On the other hand, the nearby land is taken pretty much straight from the Dragon Empire Gazetteer (the city of Goka in particular), the included organisations such as the Pathfinder Society are true to the lore, and I ran the Ruby Phoenix Tournament adventure (also Golarion) pretty much as written.

So I went for "I use some of it and write the rest myself".

If I ever get the chance to run an Eberron game then I will stick much more closely to the established lore (or Keith Baker's own version of it, anyway), but even then I'll change some things to better suit my own preferences. (I'm sure if I ran through my list of proposed changes everybody here would prefer the official version!) Of course, Eberron is a special case in that key mysteries of the setting don't have an official answer anyway.
 

glass

(he, him)
I can’t endorse any of the voting options.
Nor me. I use D&D lore in a variety of ways.
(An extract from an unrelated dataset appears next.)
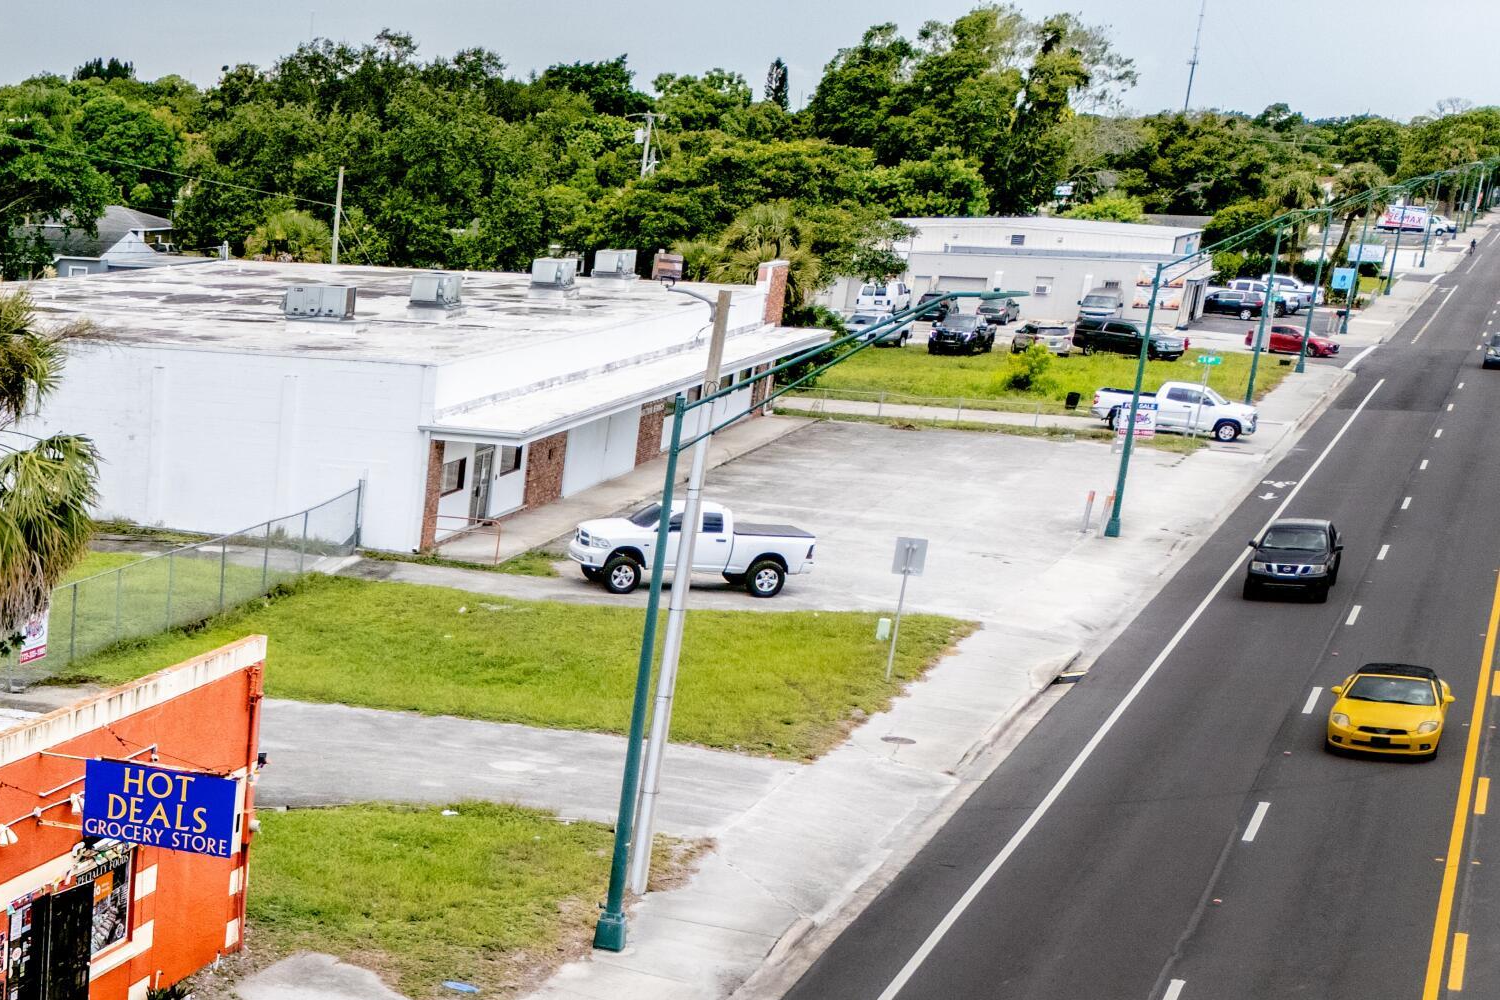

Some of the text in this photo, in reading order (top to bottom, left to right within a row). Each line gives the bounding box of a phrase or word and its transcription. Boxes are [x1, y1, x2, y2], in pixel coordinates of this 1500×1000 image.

My homebrew world contains a lot of elements that were inspired by existing D&D lore, but which do not now much resemble their original inspirations. OTOH, if I am running an adventure set in Greyhawk or the Realms I try to stick as closely as I reasonably can the the established setting lore, unless I have a jolly good reason not to (possible reasons might include racist, mysoginistic, or other wise problematic elements; ret-cons and contradictions, in which case I go with whichever version I prefer; and elements I simply do not know about or have forgotten).
 

Anything pre 4th edition I'll take a look at and see if it inspires anything creative in my brain. If not, I'm likely to ignore whatever bit of fluff I'm looking at. But I skipped 4th entirely and have barely skimmed the surface of 5th so I am unfamiliar with any of the fluff from those eras.